Grégoire grogna en sautant au bas de la fourgonnette. Il claqua la portière et se faufila dans une ruelle. La voiture s'éloigna rapidement, plus de retour en arrière possible. Désormais, il était seul pour accomplir la mission que lui avait confiée la Résistance.

Adossé au mur, il inspira l'air glacial et vicié des bas quartiers de Lyon. La Duchère n'avait jamais été un coin huppé, mais depuis dix ans, la situation s'était dégradée. Tous les clochards, squatteurs et drogués de la ville s'y retrouvaient. Les flics s'y aventuraient rarement, et les gangs y fleurissaient comme autant de pissenlits.

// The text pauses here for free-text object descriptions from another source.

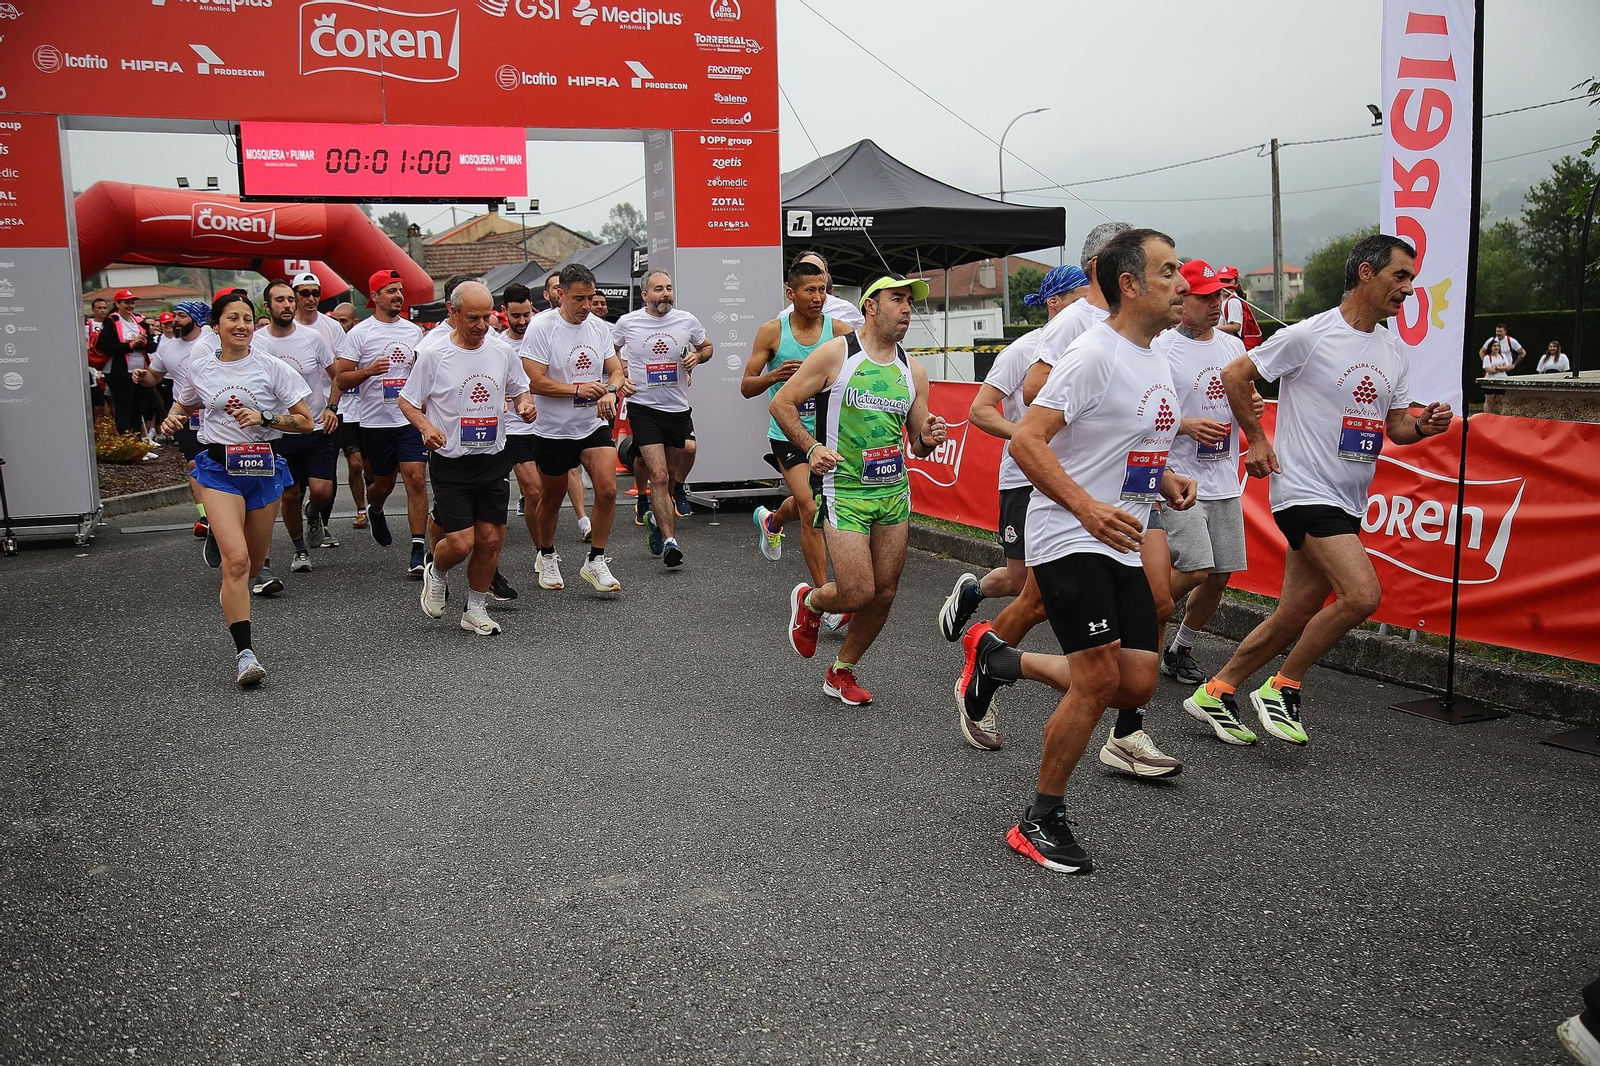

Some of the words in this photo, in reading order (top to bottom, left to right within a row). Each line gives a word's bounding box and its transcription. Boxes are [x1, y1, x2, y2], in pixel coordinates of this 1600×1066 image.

[515, 0, 560, 20] GSI
[714, 10, 737, 18] densa
[602, 7, 682, 30] Mediplus
[65, 53, 108, 69] Icofrio
[121, 59, 183, 73] HIPRA
[214, 68, 265, 77] PRODESCON
[707, 65, 751, 75] FRONTPRO
[522, 72, 558, 86] Icofrio
[568, 76, 620, 88] HIPRA
[645, 82, 688, 90] PRODESCON
[707, 136, 727, 144] OPP
[728, 138, 753, 146] group
[246, 149, 286, 160] MOSQUERA
[290, 150, 315, 160] PUMAR
[459, 154, 496, 165] MOSQUERA
[500, 155, 522, 165] PUMAR
[325, 148, 451, 175] 00:01:00
[712, 157, 742, 169] zoetis
[707, 177, 748, 187] zoomedic
[711, 197, 745, 206] ZOTAL
[816, 217, 874, 227] CCNORTE
[1343, 362, 1369, 378] ANDAINA
[1370, 364, 1392, 394] CAMPEIRA
[1140, 383, 1163, 406] ANDAINA
[804, 402, 815, 410] 12
[475, 431, 487, 440] 17
[1215, 441, 1224, 451] 18
[1359, 440, 1373, 451] 13
[238, 459, 264, 468] 1004
[874, 463, 897, 475] 1003
[1148, 477, 1157, 489] 8
[1361, 494, 1485, 550] oren

Il souffla sur ses mains pour les réchauffer. Les températures de ce mois de décembre 2026 étaient particulièrement froides et le ciel blanc annonçait la neige. Il se décolla du mur, essuya son nez avec sa manche. Il eut un léger mouvement de recul lorsque des relents désagréables s'échappèrent de son manteau miteux pour venir s'introduire dans ses narines.

Pouah.

Ça puait la mort. Grégoire n'avait aucune idée de ce que les préparateurs de sa mission avaient fait avec ses fringues, mais en tous cas, pour jouer un rôle d'ado SDF, ça devrait passer comme une lettre à la poste.

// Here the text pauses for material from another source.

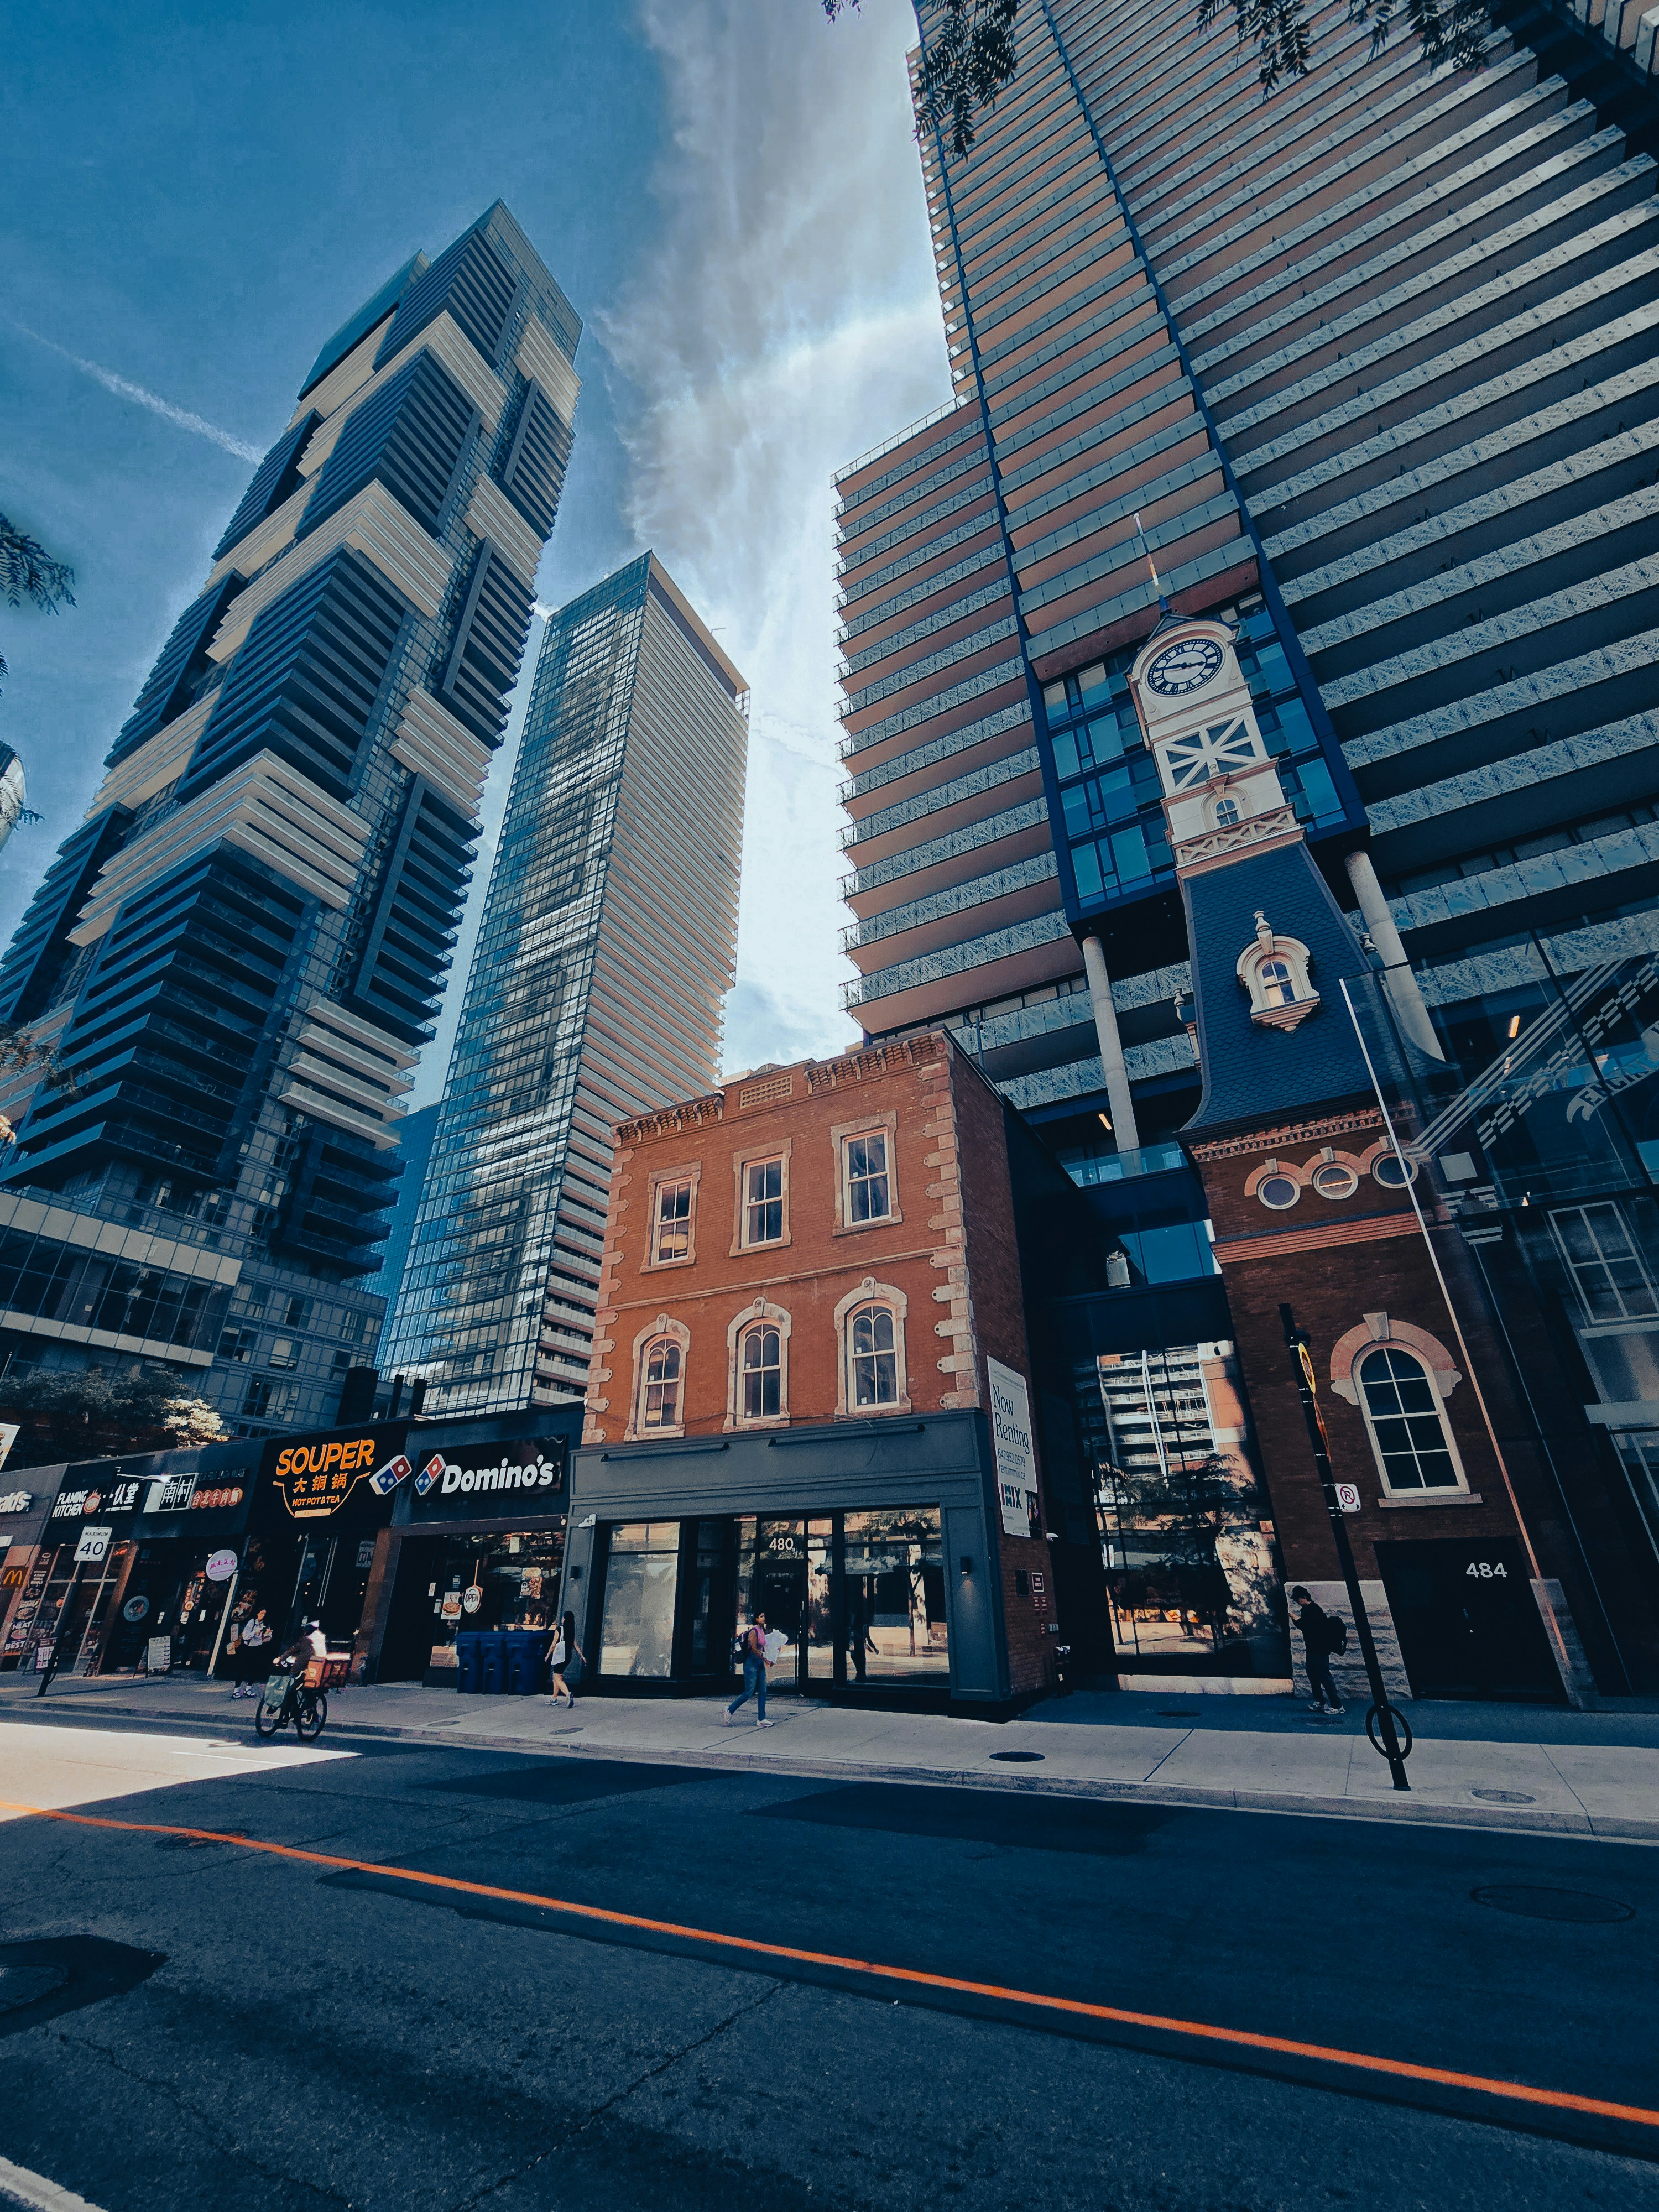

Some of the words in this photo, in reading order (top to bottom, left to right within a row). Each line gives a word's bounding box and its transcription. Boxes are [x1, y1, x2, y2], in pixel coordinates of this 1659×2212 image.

Le froid s'insinuait dans les trous de ses chaussures et il se décida à avancer vers son premier objectif. Les rues semblaient désertes à cette heure si matinale, mais Greg savait que les racailles ne dormaient jamais tout à fait. Il s'approcha de l'épicerie de l'avenue Rosa Parks. Les voitures garées pour la nuit encombraient les abords du magasin. Aucune n'était récente, elles n'étaient pas autonomes. Les gens pauvres des quartiers malfamés n'avaient pas les moyens de se payer les dernières caisses.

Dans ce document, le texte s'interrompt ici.